Compromise For The Sake Of Coalition  

Take, for instance, the question of education.  During the Mandate, labor, religious and general Zionists each maintained their own school systems. Mamlakhtiyut dictated one, state-run system; but for the sake of his coalition with the religious parties, Ben Gurion satisfied himself with merging only the general and labor systems and continuing a separate religious one.  In 1953, the year before the merger, 43.4 % of Israeli students attended the labor schools as opposed to 19.1 % in the religious and 27.1 % in the general "trends" (as they were called).  In other words, Labor yielded a critical means by which to socialize young Israelis into its value system.   No doubt many in Mapai thought that their dominance in the government would guarantee the infusion of Labor ideals in national education.  In retrospect, we can see how wrong they were. 

Indeed, three decades later the Zionist right wing, long the apostles of fetishizing the state, came to power and gave their coalition partner, the National Religious Party, the portfolio for Education and Culture.  Zvulun Hammer, a religious and not a “pure” nationalist, has sought, albeit with caution, to enhance the religious content of the curriculum of the secular state schools which he oversees along with the religious ones.  Labor, in the meanwhile, is dominated by statist technocrats and finds itself not only in opposition, but bewildered and unsure of its own vision and goals.

 

The State Has Become An End In Itself 

Israeli and American Zionisms have met where the means become all and ends – ideology – are negated.  What this ultimately signifies is the triumph of right wing Zionism – a triumph, if the above analysis is correct, prepared by the Labor Zionists.  With this triumph the State qua State becomes an object of worship, nationalism runs rampant, and there is no place for a critical Zionism.  The promotion of aliyah today exemplifies what this implies: how often are American Jews told to move to Israel “because it is good for the State” (i.e., American Jews are a means to the end of the State) rather than because aliyah responds to dilemmas in their own lives (in which case, the State is a means, and only a means, for the well-being of the Jewish people)?   The two approaches represent the difference between a statist Zionism and a humanist Zionism. 
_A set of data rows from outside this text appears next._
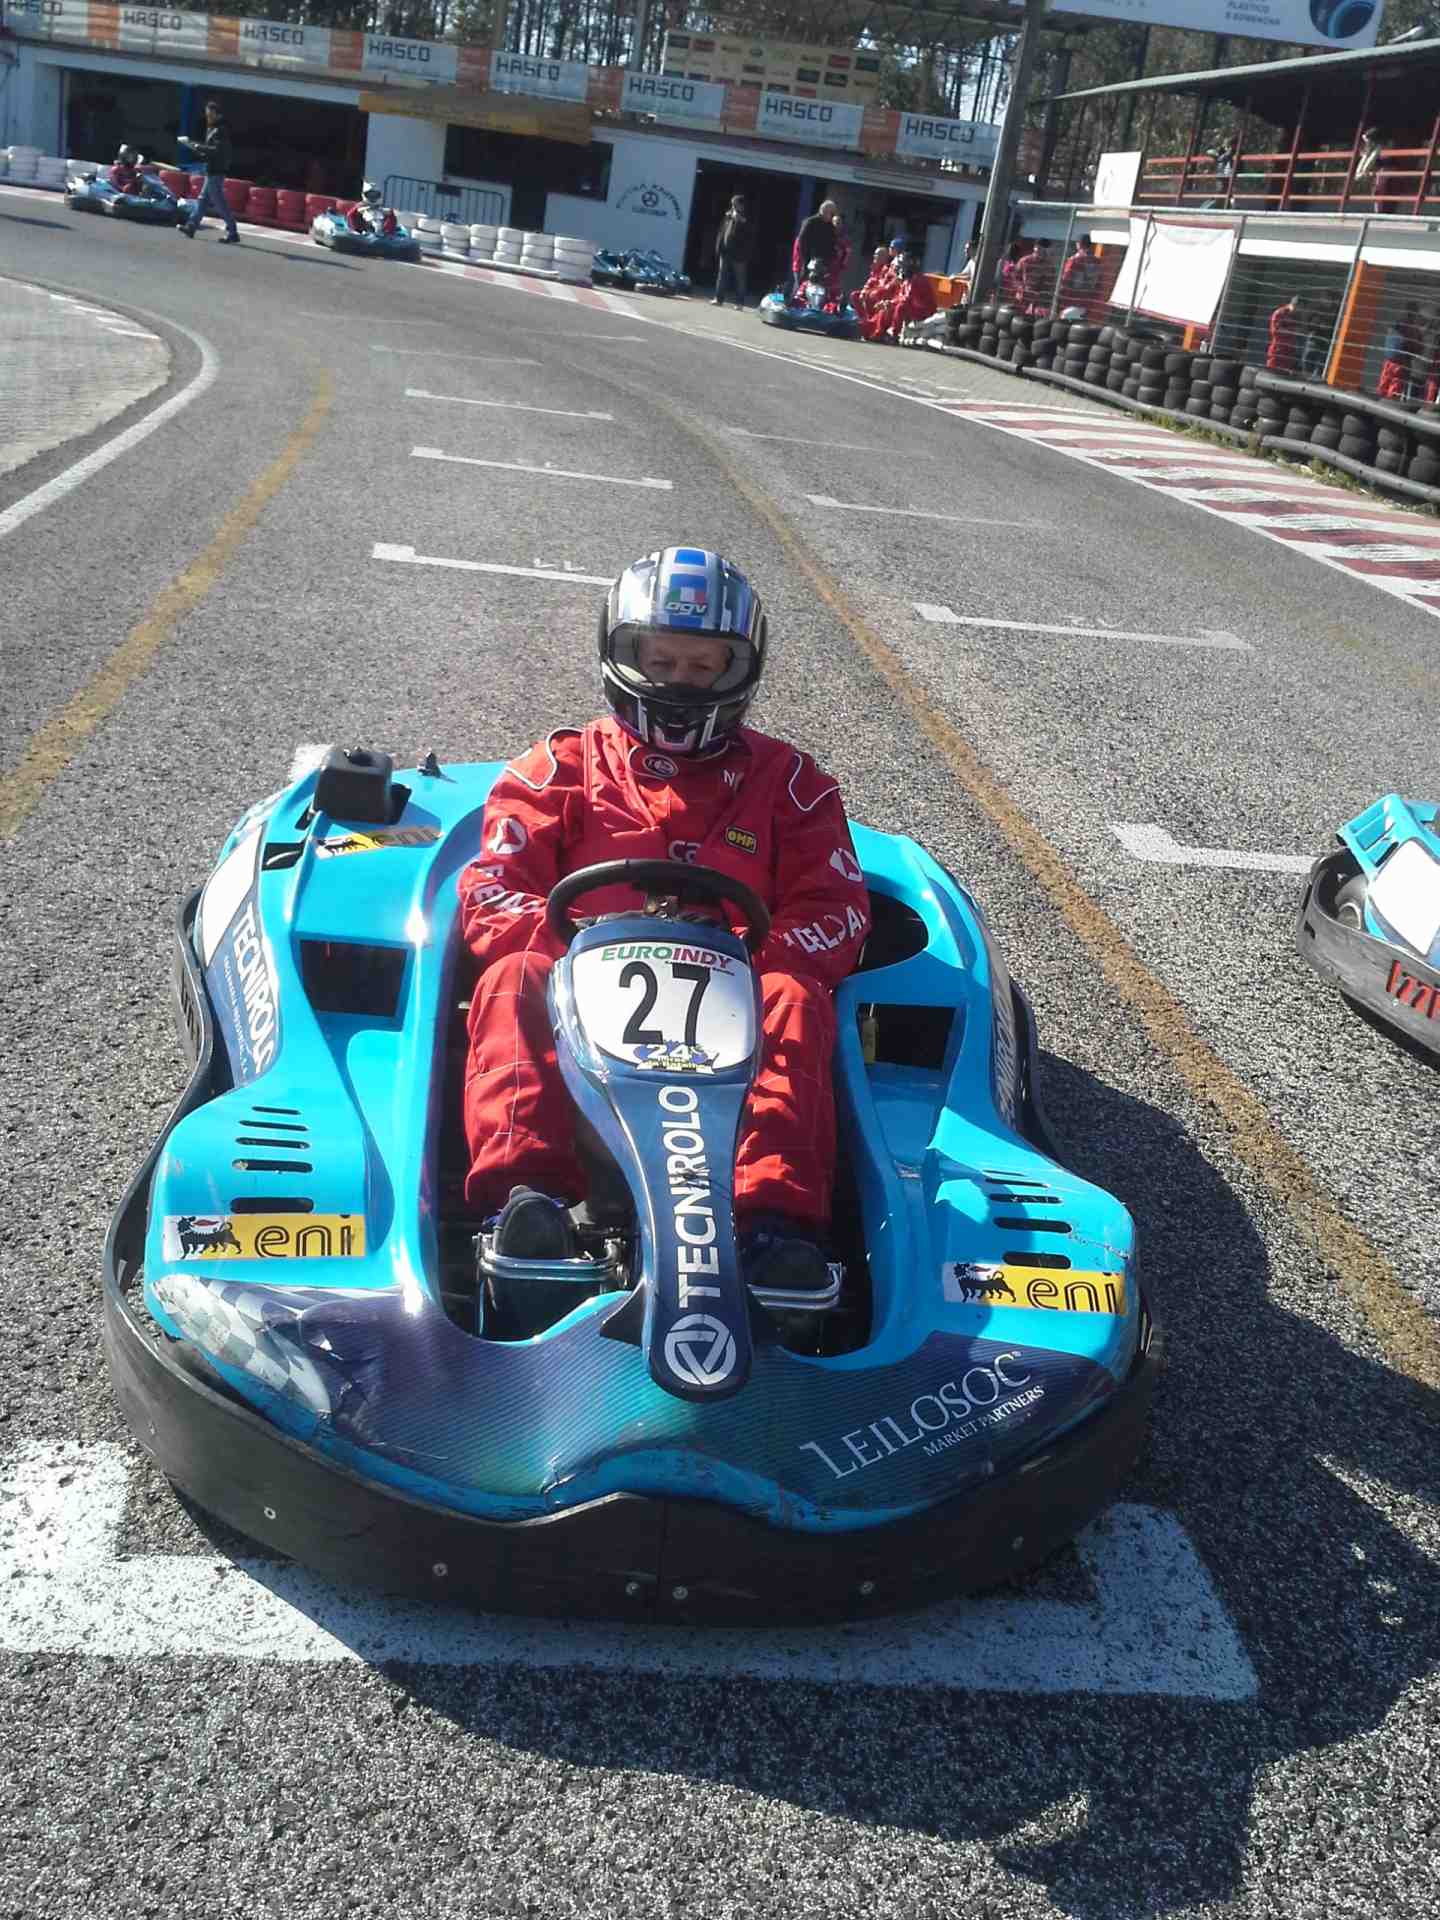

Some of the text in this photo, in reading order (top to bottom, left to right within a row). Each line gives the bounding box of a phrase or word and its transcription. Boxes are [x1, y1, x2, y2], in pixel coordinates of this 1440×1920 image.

[122, 9, 182, 31] HASCO
[244, 24, 304, 46] HASCO
[368, 38, 431, 63] HASCO
[496, 55, 560, 82] HASCO
[629, 75, 695, 102] HASCO
[765, 97, 833, 122] HASCO
[905, 118, 976, 144] HASCO
[602, 946, 733, 969] EUROINDY
[618, 960, 712, 1046] 27
[254, 1214, 353, 1259] eni
[1026, 1271, 1121, 1314] eni
[799, 1350, 1032, 1480] LEILOSOC
[922, 1384, 1046, 1457] MARKET PARTNERS
Ahad Ha’am once wrote an essay entitled “Anticipations and Survivals” in which he tells us that in each age there exist beliefs that are out of step with their times, hidden in “watertight compartments” in the minds of a few, with no practical effect.  These are “survivals” lacking the conditions which originally nurtured them, and their contemporary appearance of life “is illusory:  it is no real life of motion and activity, but the passive life of an old man whose ‘moisture is gone and his natural force abated.’ ” 

Alongside “survivals” there are “anticipations” – ideas yet in their youth, alive (like “survivals”) in a world that doesn’t understand them.  Writing in 1892, Ahad Ha’am saw the Return to Zion as a “survival” which, given the right developments, could flourish as new life, and become as a soul to a body.  For there is hope for both “anticipations” and “survivals,” he insisted, as long as they have a breath in them.

 

Zionism Is Nearly Lifeless 

The Zionist world today is composed of bodies without souls, institutions with red tape in their veins; their appearance of life is illusory as demonstrated by the surreal world of the Zionist Congress held this past December.  (How many delegates returned to the Golah complaining that there was too much “politics” at the Congress?  Better to be “pragmatic.”)

A vibrant, critical Zionism is but a survival today, somewhere in watertight compartments in the minds of a few.  Shall it suffocate or break out and breathe?  Here then is one task for thinking Zionists: an intellectual guerrilla war against the Zionism of today.  Before Zionism’s future lies the question of finding a form of itself relevant to the conditions of the times.  In the era of Beginesque triumphalism this is to ask: can the survival become an anticipation, too – an old-new soul giving rebirth to a decaying body?